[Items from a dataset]
========
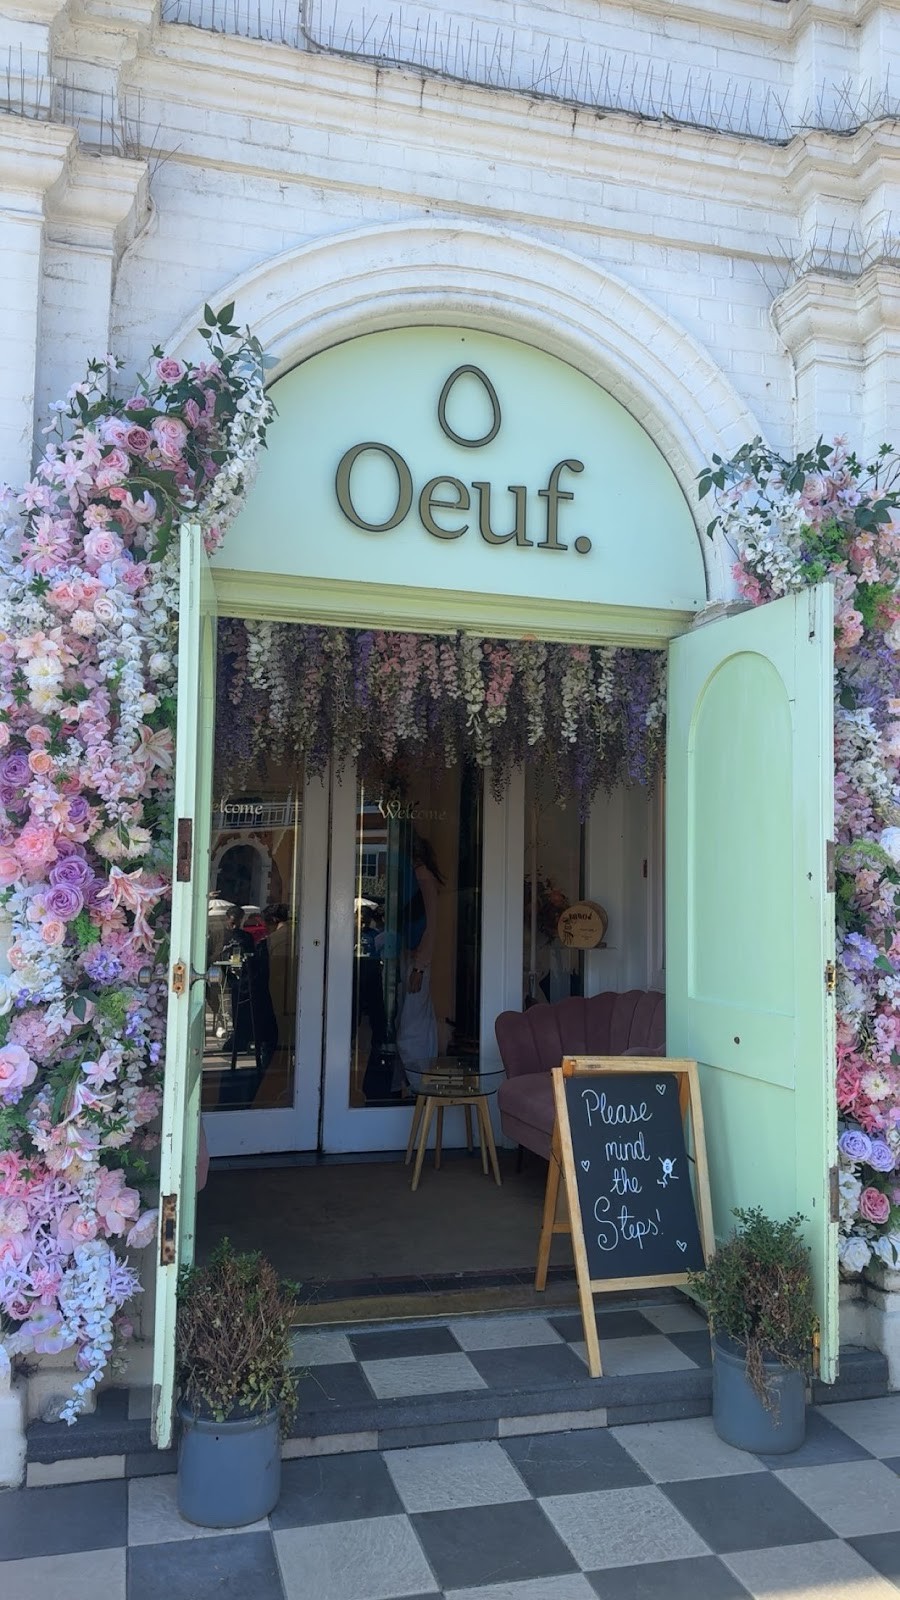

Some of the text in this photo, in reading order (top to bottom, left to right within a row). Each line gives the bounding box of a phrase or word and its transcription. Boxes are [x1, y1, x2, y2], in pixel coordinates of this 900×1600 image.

[335, 441, 592, 555] Oeuf.
[210, 796, 263, 815] elcome
[375, 799, 448, 820] Welcome
[581, 1089, 653, 1127] Please
[604, 1131, 651, 1162] mind
[609, 1166, 643, 1196] the
[594, 1196, 664, 1251] Steps!
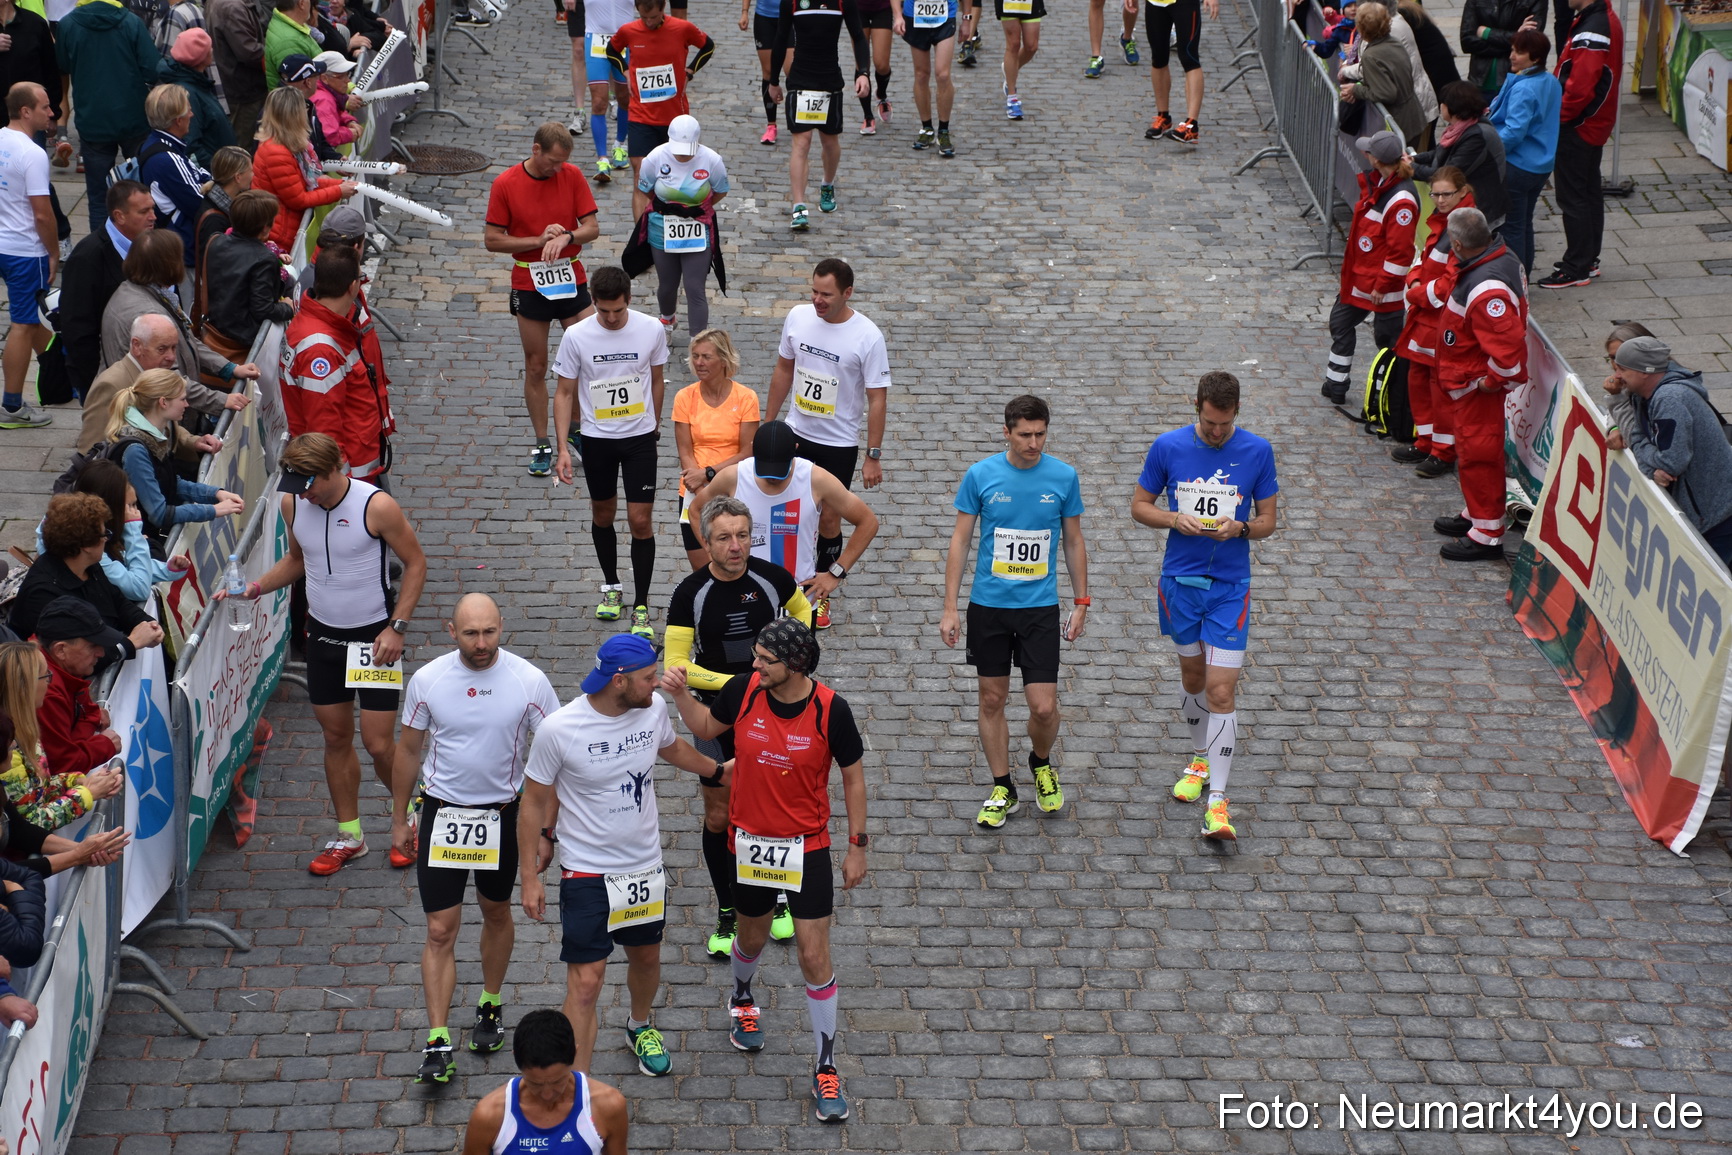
========
WHAT YOU NEED TO DO =>
One exact copy of the data, no pictures: write it out line for line.

SOLUTION TO THIS PROBLEM =>
Some of the text in this photo, in reading order (top to bottom, left to right within a row). Each line gives the bounding box of a phrase or word and its transcription. Boxes are [x1, y1, x2, y2], in pixel coordinates of this 900×1600 image.

[335, 441, 592, 555] Oeuf.
[210, 796, 263, 815] elcome
[375, 799, 448, 820] Welcome
[581, 1089, 653, 1127] Please
[604, 1131, 651, 1162] mind
[609, 1166, 643, 1196] the
[594, 1196, 664, 1251] Steps!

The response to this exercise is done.